Items from a data source
******

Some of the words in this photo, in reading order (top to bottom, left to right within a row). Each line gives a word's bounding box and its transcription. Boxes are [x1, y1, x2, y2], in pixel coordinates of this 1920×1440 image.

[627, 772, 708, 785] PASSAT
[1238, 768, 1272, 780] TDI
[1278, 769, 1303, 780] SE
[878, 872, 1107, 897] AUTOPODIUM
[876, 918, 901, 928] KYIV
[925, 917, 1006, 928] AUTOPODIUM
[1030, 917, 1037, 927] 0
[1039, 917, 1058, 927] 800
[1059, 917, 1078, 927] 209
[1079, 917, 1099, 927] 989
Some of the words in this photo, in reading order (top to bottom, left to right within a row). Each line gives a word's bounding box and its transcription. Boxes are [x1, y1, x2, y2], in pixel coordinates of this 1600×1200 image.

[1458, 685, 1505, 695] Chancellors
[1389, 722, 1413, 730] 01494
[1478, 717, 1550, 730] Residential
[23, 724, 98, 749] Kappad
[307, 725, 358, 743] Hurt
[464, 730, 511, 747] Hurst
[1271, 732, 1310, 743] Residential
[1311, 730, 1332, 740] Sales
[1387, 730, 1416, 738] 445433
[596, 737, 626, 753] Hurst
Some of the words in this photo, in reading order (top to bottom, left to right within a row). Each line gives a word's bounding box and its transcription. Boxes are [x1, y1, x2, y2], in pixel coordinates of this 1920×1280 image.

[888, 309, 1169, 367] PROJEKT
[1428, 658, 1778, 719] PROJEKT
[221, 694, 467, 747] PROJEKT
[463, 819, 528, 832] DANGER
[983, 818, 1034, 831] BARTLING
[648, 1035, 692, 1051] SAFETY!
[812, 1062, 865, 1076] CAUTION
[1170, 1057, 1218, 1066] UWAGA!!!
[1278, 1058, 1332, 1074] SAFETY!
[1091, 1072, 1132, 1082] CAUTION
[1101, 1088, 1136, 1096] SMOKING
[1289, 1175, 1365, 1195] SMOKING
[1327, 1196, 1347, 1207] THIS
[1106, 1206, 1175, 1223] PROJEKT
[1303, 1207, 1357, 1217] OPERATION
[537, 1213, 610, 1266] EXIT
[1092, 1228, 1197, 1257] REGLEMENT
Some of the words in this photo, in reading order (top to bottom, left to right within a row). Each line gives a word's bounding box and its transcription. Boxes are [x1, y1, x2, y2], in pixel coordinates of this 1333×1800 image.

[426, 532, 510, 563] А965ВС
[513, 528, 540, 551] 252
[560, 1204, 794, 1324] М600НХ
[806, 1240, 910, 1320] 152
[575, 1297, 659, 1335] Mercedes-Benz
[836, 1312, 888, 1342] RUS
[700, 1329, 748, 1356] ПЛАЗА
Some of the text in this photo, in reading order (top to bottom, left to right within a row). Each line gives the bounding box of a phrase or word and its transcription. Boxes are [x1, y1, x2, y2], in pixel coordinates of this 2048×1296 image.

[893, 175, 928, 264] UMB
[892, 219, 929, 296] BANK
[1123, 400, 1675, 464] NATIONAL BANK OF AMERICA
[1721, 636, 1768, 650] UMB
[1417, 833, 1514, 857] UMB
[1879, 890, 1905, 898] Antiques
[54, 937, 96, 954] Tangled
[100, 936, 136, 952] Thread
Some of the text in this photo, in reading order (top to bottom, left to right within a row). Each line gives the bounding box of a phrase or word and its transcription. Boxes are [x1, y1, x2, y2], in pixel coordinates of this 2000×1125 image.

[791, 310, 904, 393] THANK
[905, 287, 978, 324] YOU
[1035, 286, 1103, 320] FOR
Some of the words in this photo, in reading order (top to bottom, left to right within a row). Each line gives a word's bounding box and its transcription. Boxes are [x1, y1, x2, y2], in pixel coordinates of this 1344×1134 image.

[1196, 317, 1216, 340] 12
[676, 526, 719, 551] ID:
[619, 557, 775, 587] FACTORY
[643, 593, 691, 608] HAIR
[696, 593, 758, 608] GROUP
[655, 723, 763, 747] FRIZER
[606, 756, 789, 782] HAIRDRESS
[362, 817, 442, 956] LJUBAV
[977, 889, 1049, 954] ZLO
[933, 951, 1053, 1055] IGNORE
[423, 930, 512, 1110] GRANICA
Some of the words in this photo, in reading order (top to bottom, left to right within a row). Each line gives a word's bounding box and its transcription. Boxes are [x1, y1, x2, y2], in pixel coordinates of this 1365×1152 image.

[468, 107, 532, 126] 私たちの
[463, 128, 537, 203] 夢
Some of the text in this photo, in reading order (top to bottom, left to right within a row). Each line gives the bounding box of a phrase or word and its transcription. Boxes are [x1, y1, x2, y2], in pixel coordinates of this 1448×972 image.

******

**REQUIRED ACTION:** This exercise asks for the line with "this 1365×1152 image." and all lines after it through the end of the records above, retyped exactly and with nothing else.

**SOLUTION TO THE PROBLEM:**
Some of the words in this photo, in reading order (top to bottom, left to right within a row). Each line gives a word's bounding box and its transcription. Boxes are [x1, y1, x2, y2], in pixel coordinates of this 1365×1152 image.

[468, 107, 532, 126] 私たちの
[463, 128, 537, 203] 夢
Some of the text in this photo, in reading order (top to bottom, left to right within a row). Each line gives the bounding box of a phrase or word and its transcription. Boxes are [x1, y1, x2, y2], in pixel coordinates of this 1448×972 image.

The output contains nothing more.